The primary disadvantage to the Quartz Window Server architecture is that is uses memory for the backing store of every window whether the window is visible or not.

So, Quartz should never leave "turds" on the screen, but it uses more memory that other window servers.

Note: Nextstep used to support unbuffered and "retained" window backing store schemes as well as "buffered". Interface Builder (last time I looked) still preserves these options, but I don't think they do anything on OS X. I think Cocoa buffers all windows regardless of the setting.

Now, given that window backing stores exist, there are several possible optimizations within applications. One is image caching from the backing store. See the "Bracketing temporary drawing" section of the NSWindow documentation. Another is the similar "copies on scroll" optimization.

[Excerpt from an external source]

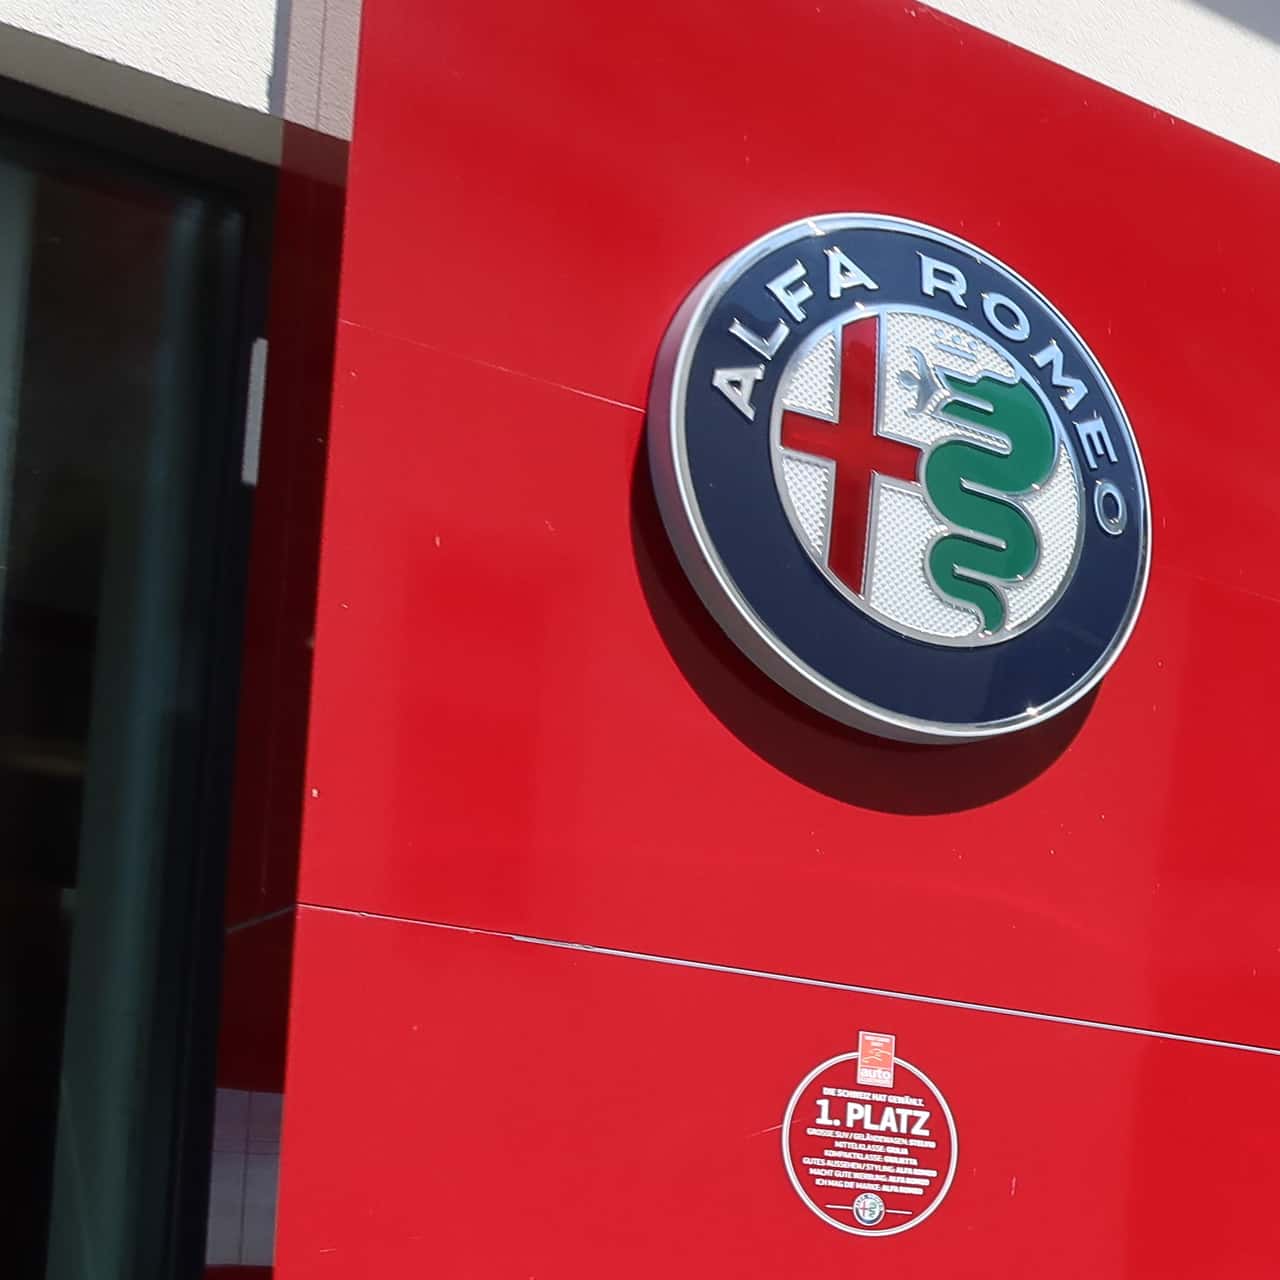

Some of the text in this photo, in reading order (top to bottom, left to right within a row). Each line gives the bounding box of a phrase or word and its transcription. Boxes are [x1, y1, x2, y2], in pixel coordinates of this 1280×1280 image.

[713, 246, 1126, 536] ALFA ROMEO
[815, 1098, 931, 1136] 1. PLATZ

NSClipView's - (void)setCopiesOnScroll:(BOOL)flag method is used to tell the clip view whether it should implement scrolling by copying a portion of the window's backing store to another location and then asking the document view to redraw only newly revealed areas. The alternative requires the document view to redraw the entire visible area including the areas that were already visible before. Copy on scroll is normally disabled when the clipview does not draw a background and the document view is not opaque. Otherwise, stray bits of the window's backing store might be drawn incorrectly.

So, to answer your question, copy on scroll is implemented using the the window's backing store. The effect you are seeing is presumably caused by trying to use copy on scroll with a document view that is not opaque and no background drawing.

There are several ways you can improve behavior:
1) Triple buffer: Have your document view draw into a bitmap image. When the document view is asked to draw, just composite from the bitmap image rather than redrawing from scratch. Disable copy on scroll. This approach requires more memory because there will be three buffers total: Your custom image, the window's backing store, and the frame buffer. However, it should be as fast as copy on scroll while enabling you to do "strange" things with expensive_to_draw views.
2) Use an overlay window (child window): Let the Window Server do the work for you by using an additional window and therefore an additional backing store. Put whatever transparent drawing you want in a child window that is layered correctly. The Window Server will composite from both layered windows to produce the final result in the frame buffer. You can have a transparent document view layered above the child window or visa versa. It's all good to the Window Server. I use this technique to layer Cocoa controls over pure OpenGL drawing all the time.
3) Take over the tiling of the enclosing scroll view. This is how rulers and scroll bars are implemented already. If you search the net, you will find examples of how to do this that date back to the Nextstep days. Just search for NSScrollView and tile.
4) Add a non-opaque subview to the scroll view and tell the subview - setNeedsDisplay:YES every time the scroll view's -tile method is called. I suspect having a non-opaque subview will defeat the copy on scroll behavior anyway, but it should produce the correct results on screen.
5) Tell us what you are really trying to achieve, and we may be able to suggest other techniques. If this is just about water marking, you are making it all way too hard.